TO DO:
Your copy should repeat each record below exactly and contain no images.

RECORDS FOR THIS EXERCISE:
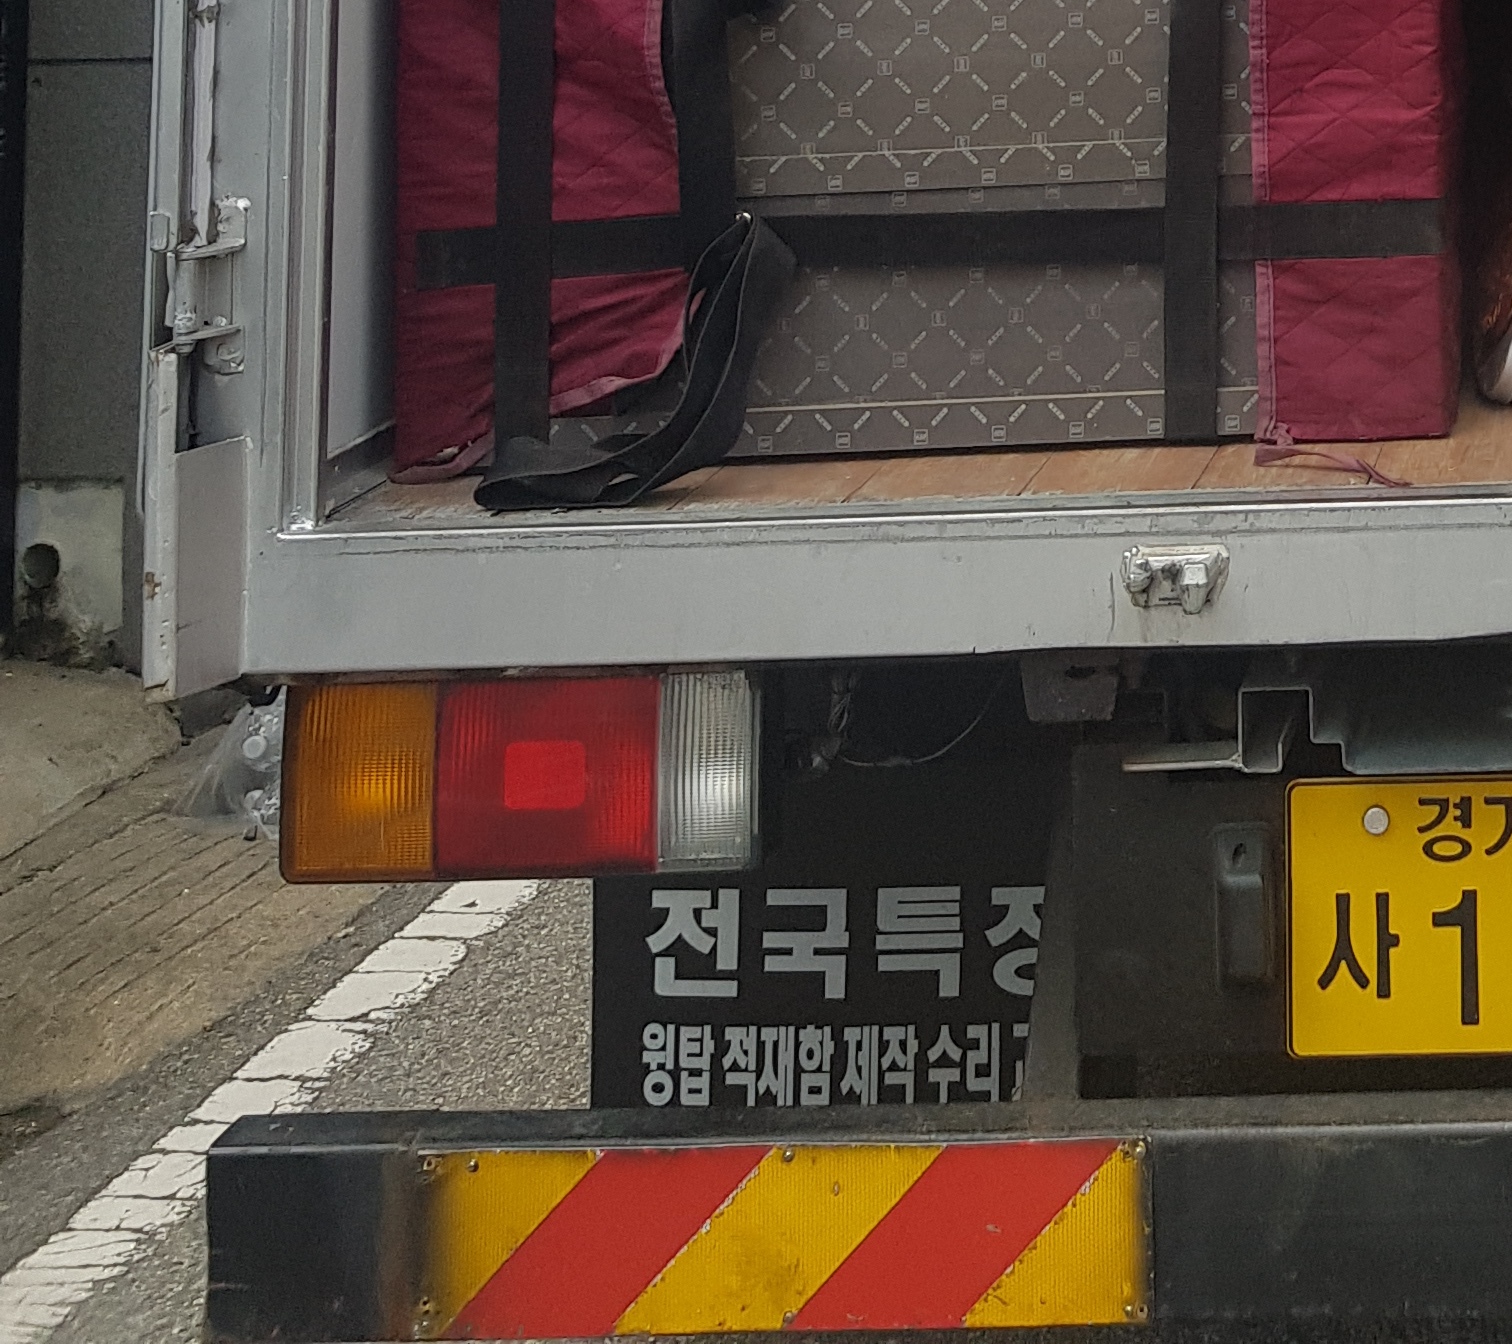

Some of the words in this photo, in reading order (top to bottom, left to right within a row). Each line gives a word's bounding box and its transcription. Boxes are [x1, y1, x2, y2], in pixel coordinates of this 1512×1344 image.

[642, 1023, 715, 1107] 윙탑
[721, 1024, 835, 1108] 적재함
[839, 1023, 919, 1106] 제작
[926, 1022, 1001, 1104] 수리
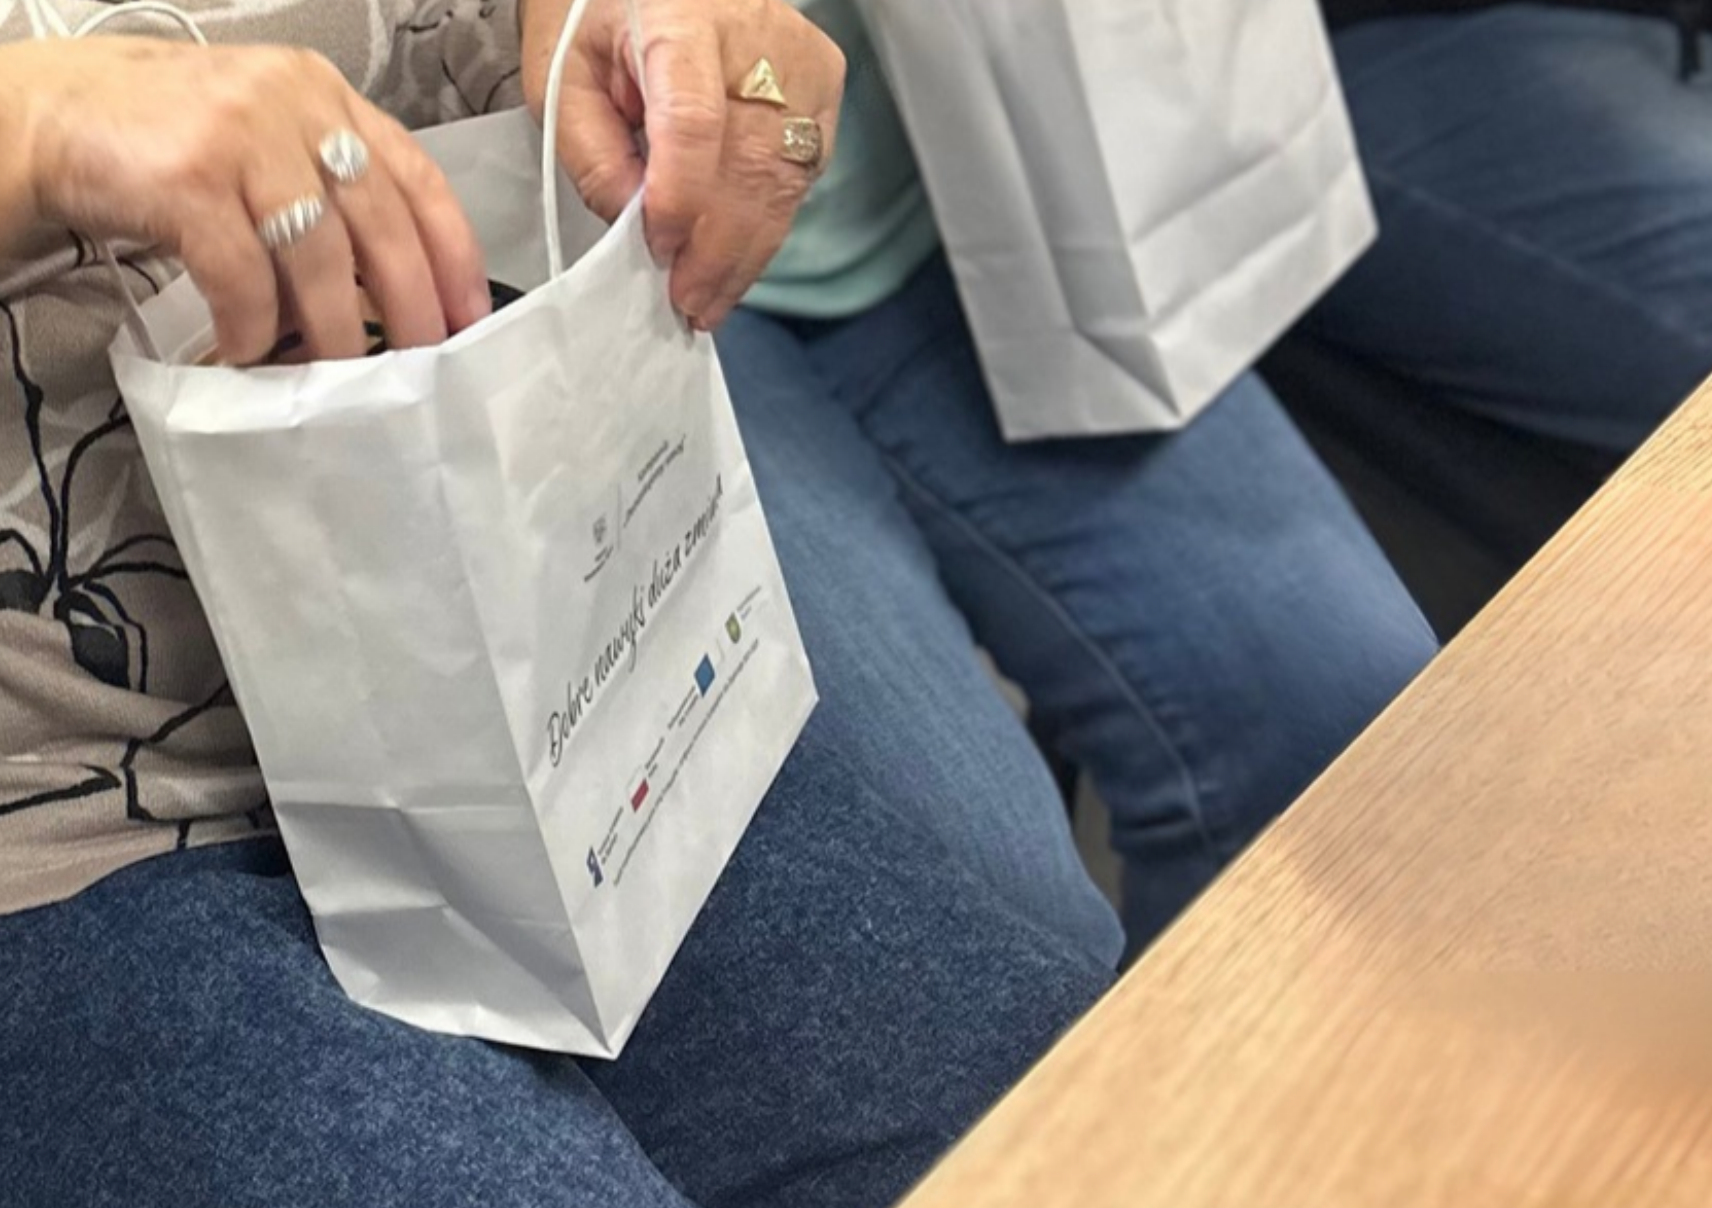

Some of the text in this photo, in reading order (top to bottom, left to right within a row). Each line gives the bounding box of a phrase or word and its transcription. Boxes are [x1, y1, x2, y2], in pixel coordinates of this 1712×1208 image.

[548, 680, 593, 768] Dobre
[595, 584, 646, 674] nawyki
[648, 542, 682, 609] duża
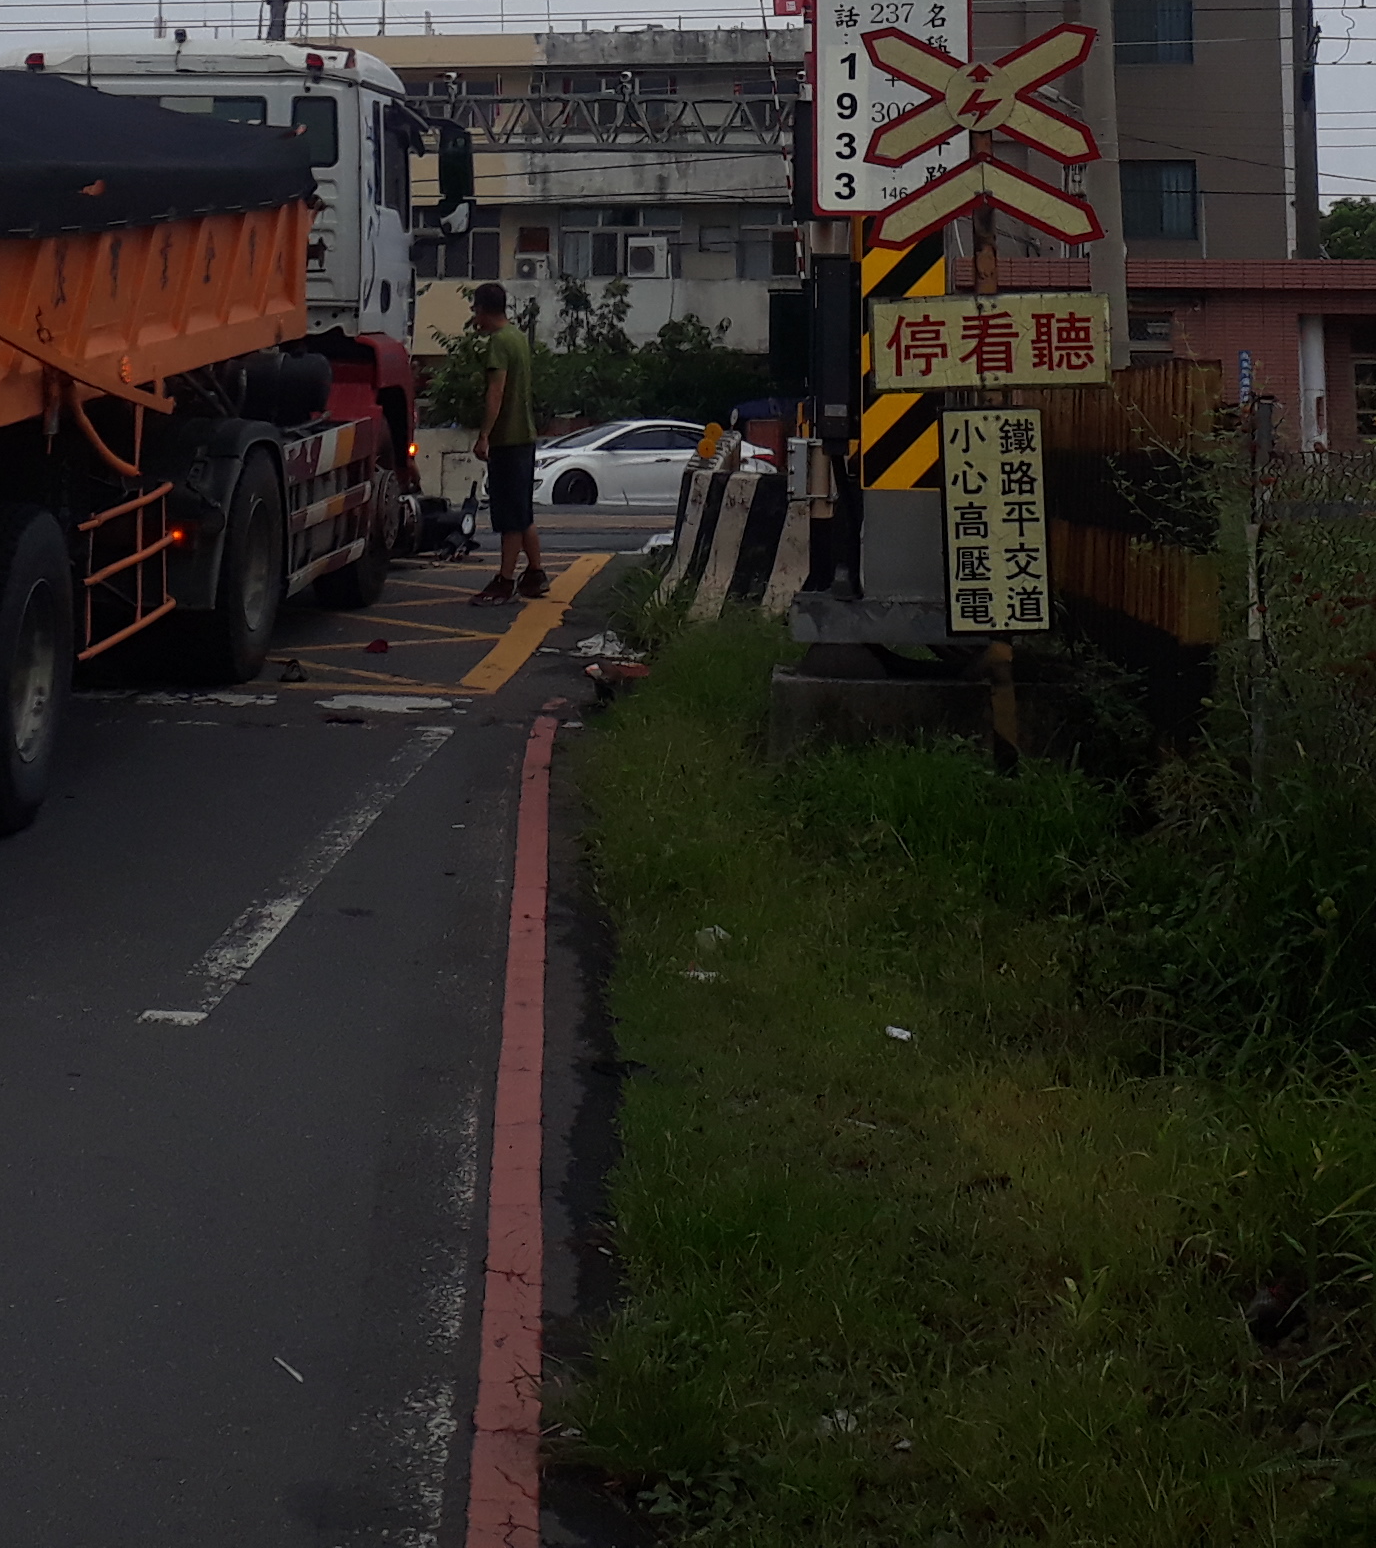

YOUR SOLUTION:
Some of the words in this photo, in reading order (top to bottom, left to right within a row). Each line gives a word's bounding box and its transcription. Boxes are [x1, y1, x2, y2], in pixel coordinates of this 1512×1344 image.

[642, 1023, 715, 1107] 윙탑
[721, 1024, 835, 1108] 적재함
[839, 1023, 919, 1106] 제작
[926, 1022, 1001, 1104] 수리

Some of the text in this photo, in reading order (top to bottom, left to right within a row). Each line gives the bounding box of a phrase or word and its transcription. Boxes are [x1, y1, x2, y2], in pixel coordinates of this 1712×1208 image.

[548, 680, 593, 768] Dobre
[595, 584, 646, 674] nawyki
[648, 542, 682, 609] duża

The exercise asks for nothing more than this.